Rio Tinto reported first half earnings of $8.9bn, down 28%, but paid out its second highest interim dividend of $4.3bn.

Underlying EBITDA totalled $15.6bn (down 26%) and free cash flow $7.1bn (down 30%).

Chief Executive Jakob Stausholm said market conditions were good, albeit below last year's record levels.

"The market environment has become more challenging at the end of the period," he said.

"We remain focused on delivering on our long-term strategy, with a steady improvement in operating performance and some notable advances in our growth agenda. We continue to strengthen our partnership with the Mongolian government following commencement of underground mining at Oyu Tolgoi, delivered first iron ore from the Gudai-Darri mine and approved early works funding at the Rincon lithium project."

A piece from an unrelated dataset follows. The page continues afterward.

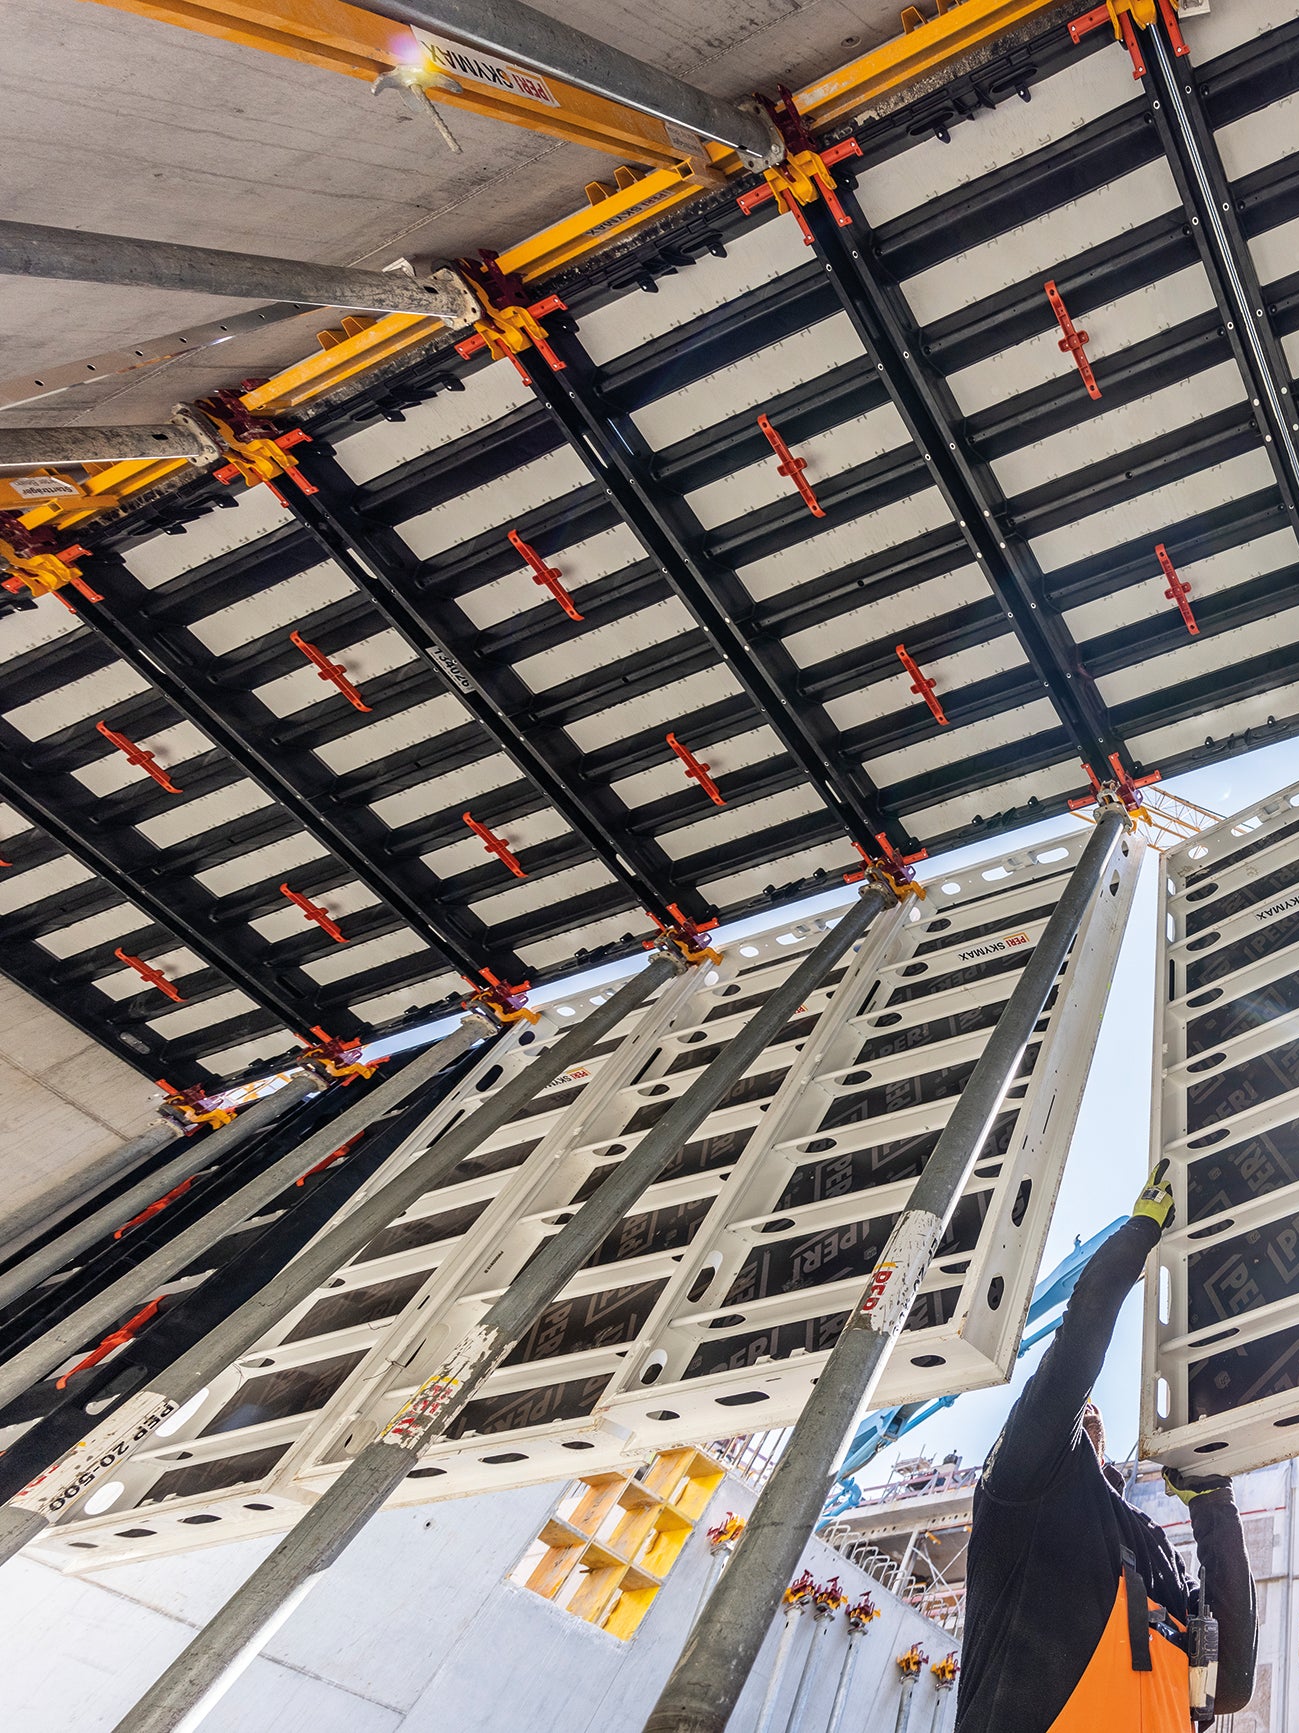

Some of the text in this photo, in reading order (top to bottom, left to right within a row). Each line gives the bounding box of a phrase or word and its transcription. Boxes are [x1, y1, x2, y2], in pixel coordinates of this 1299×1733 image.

He said Rio Tinto is committed to making lasting, long-term change to its culture, including to workplace culture, and building better relationships with Indigenous peoples, communities and partners, following a damaging report in February which stated that bullying and sexism were systemic across its worksites (click here). 

Operational highlights

  • Rio Tinto and Ford Motor Company have signed a non-binding global MoU to jointly develop more sustainable and secure supply chains for battery and low-carbon materials to be used in Ford vehicles.

  • It also agreed to pay an additional tax of A$613m to the Australian Taxation Office (ATO) for 12 historical years (2010 to 2021), on top of the A$378m of tax paid in respect of the original amended assessments issued by the ATO. The agreement resolves the disagreement relating to interest on an isolated borrowing used to pay an intragroup dividend in 2015 (click here for both stories).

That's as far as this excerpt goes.